In the post-war years, the amount of traffic carried continued its increase along with the reconstruction of transportation facilities and introduction of new technology. In 1948, the East Siberian Railway reached its pre-war loading and cargo-turnover level. In 1958, they commissioned the new Taishet-Bratsk-Lena railway, which connected the basins of the Angara and Lena Rivers with the rest of the Siberian railroad network, providing immediate access to mineral deposits in the Angara basin (e.g. the Korshunovskoye iron ore deposit) and abundant logging regions and ensuring an uninterrupted supply of cargo to the northern areas of Irkutsk Oblast and Yakutia.
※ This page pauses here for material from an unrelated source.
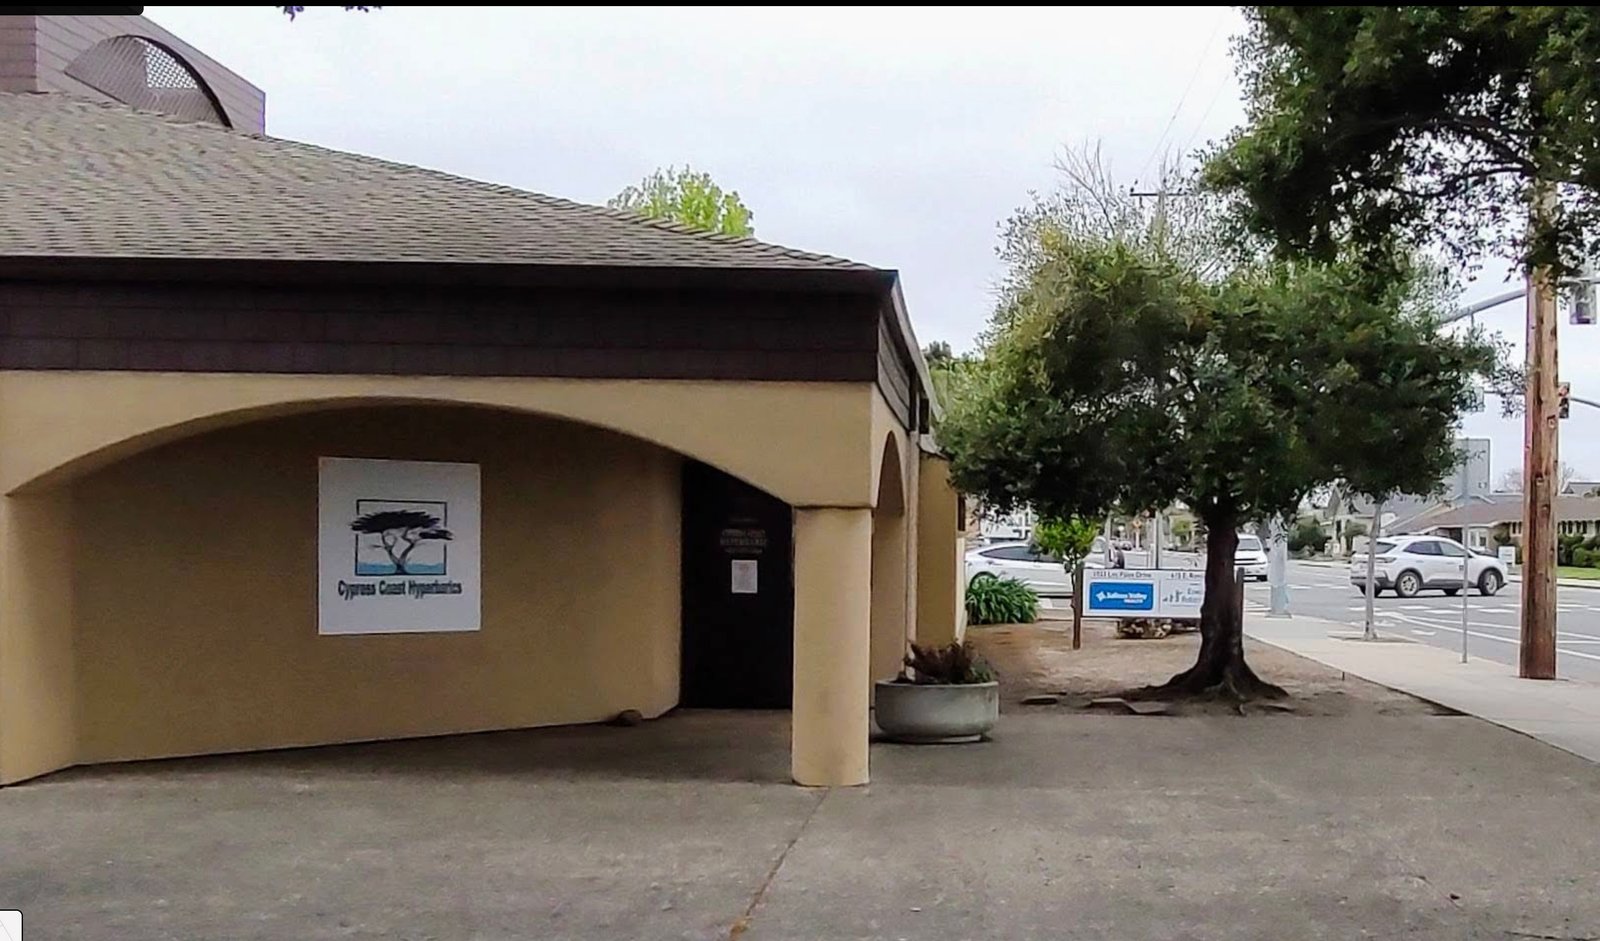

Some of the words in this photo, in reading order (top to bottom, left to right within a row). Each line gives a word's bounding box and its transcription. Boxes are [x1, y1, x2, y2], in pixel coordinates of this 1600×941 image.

[338, 580, 376, 600] Cypress
[379, 580, 406, 595] Coast
[408, 580, 462, 599] Hyperbarics
At the end of 1965, a long Abakan-Taishet section of the East Siberian Railway was commissioned, an electrified high-class railroad with modern means of communication, electric interlocking of railroad switches, and a remote dispatching system. This section of the railway provided a new access to the Kuzbass, Kazakhstan, and Central Asia from the regions of the Russian Far East and Siberia. The early 1970s saw the completion of construction of the northbound line from the Khrebtovaya railway station to Ust-Ilimsk Hydroelectric Powerplant ().